There are a variety of reasons you may need to move text into (or out of) a table in Word. Sometimes you inherited a document with an odd layout, or you exported from another source, and for whatever reason the text just looks odd. You could insert a table and copy and paste for half an hour, or you could do this little trick.
Starting Place: Comma (or Tab) Delimited Values
In my case, my starting values are separated by commas. This is common for a lot of text exported from other sources. But you may also run into documents that export with other delimiters, like tabs, paragraphs, semi colons, etc. Those can all be addressed.
Convert Text to Table
I am going to use the example of the comma separated values above.
1. Highlight the block of text.
2. Go to the Insert tab and select the Table dropdown. Select Convert Text to Table…
3. Word will guess the delimiter. In my case, Word has caught on that the values are separated by commas. Note you could change the delimiter under the Separate text at section, if Word does not pick up on it automatically.
4. Press OK and a simple table will be created with the text values you highlighted.
Don’t forget… you have a lot of options for styles and formatting in the Table Design and Layout tabs.
Make sure you have clicked onto your table for these to appear, as they are contextual tabs.

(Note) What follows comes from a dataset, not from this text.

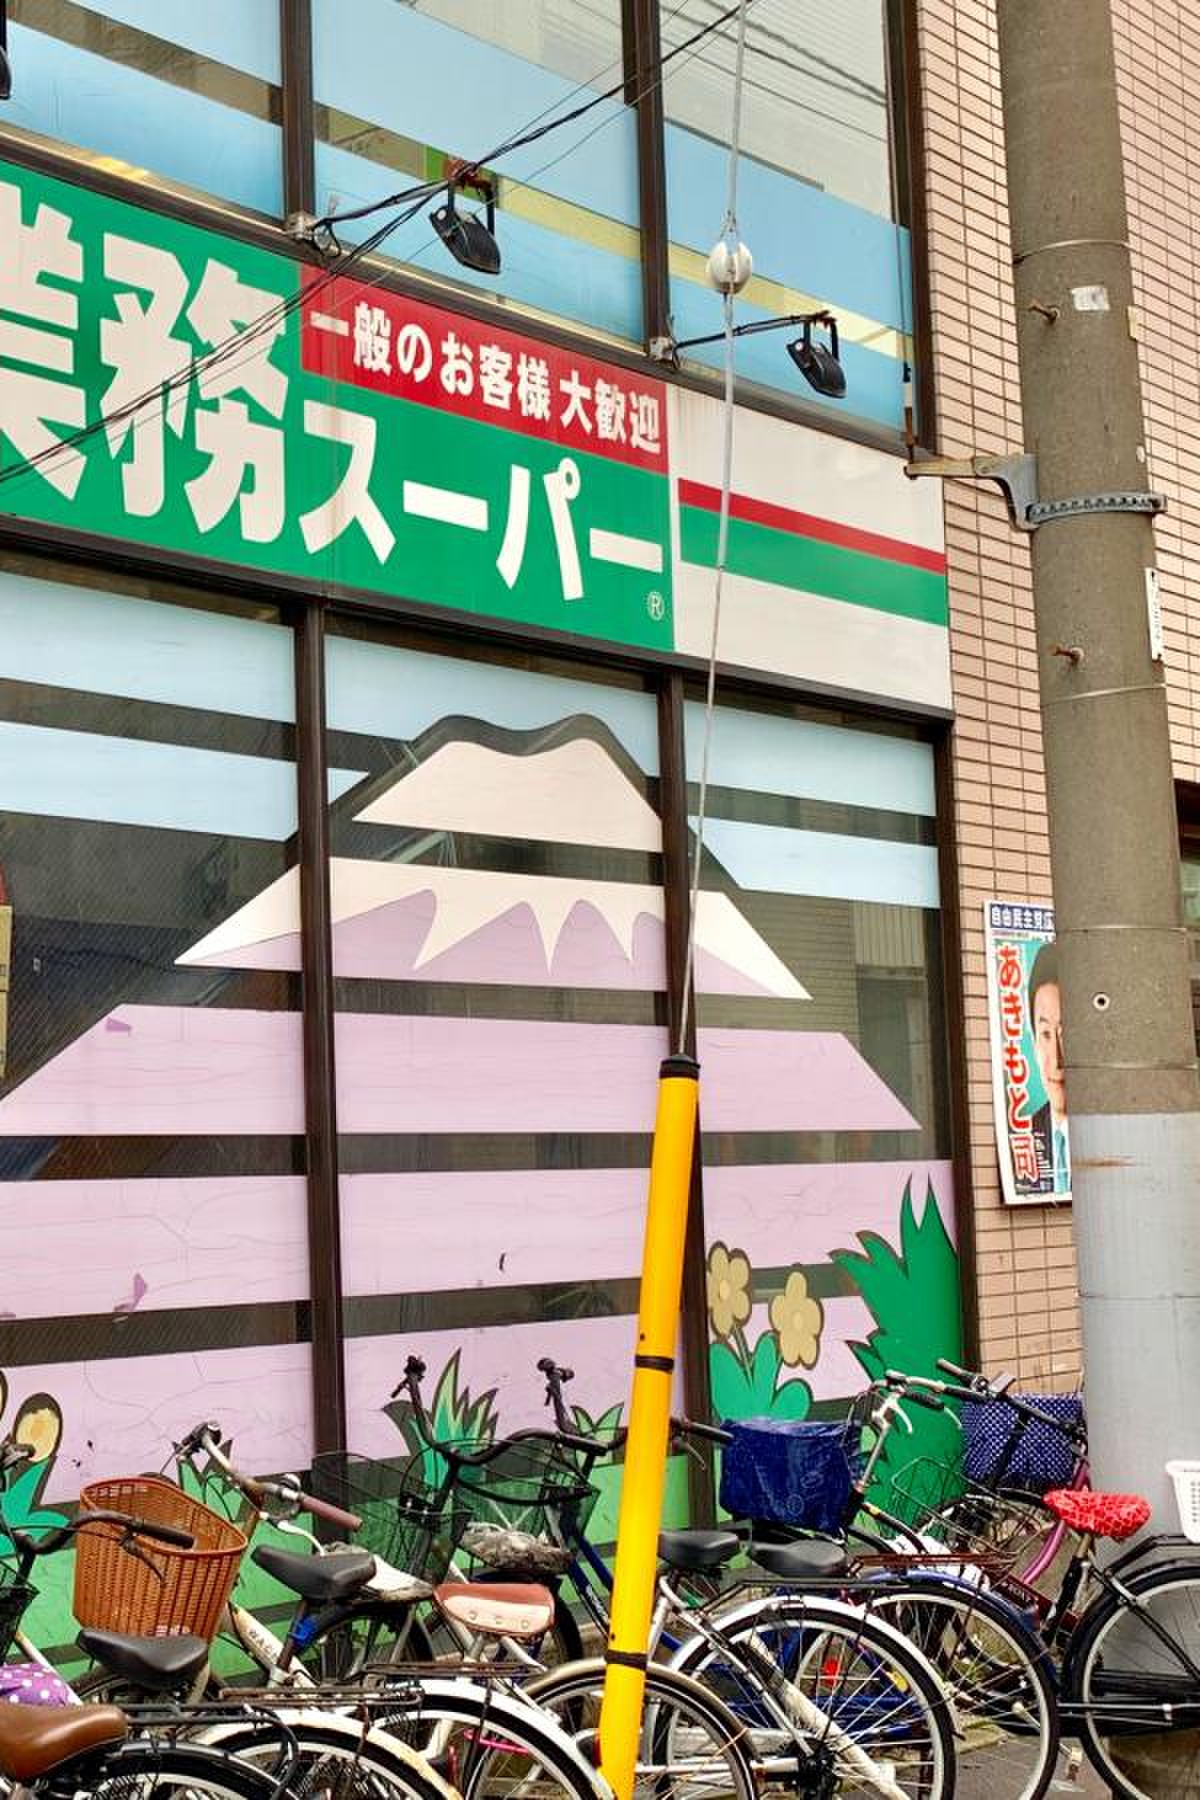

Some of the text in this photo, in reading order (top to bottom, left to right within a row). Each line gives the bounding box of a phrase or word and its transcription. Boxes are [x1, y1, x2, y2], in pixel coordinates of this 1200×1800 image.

[310, 301, 661, 455] 一般のお客様 大歓迎

I always go for green for some reason…
Convert Table to Text
Sometimes the inverse is true… you have inherited a document with a table and you need it to be converted to text. This can happen when you are trying to meet accessibility standards, or when an old table formatting just doesn’t behave well in modern versions of Office.
1. Click into your table to activate the Table Design and Layout contextual tabs.
2. Select the Layout contextual tab.
3. In the Data group, select Convert to Text.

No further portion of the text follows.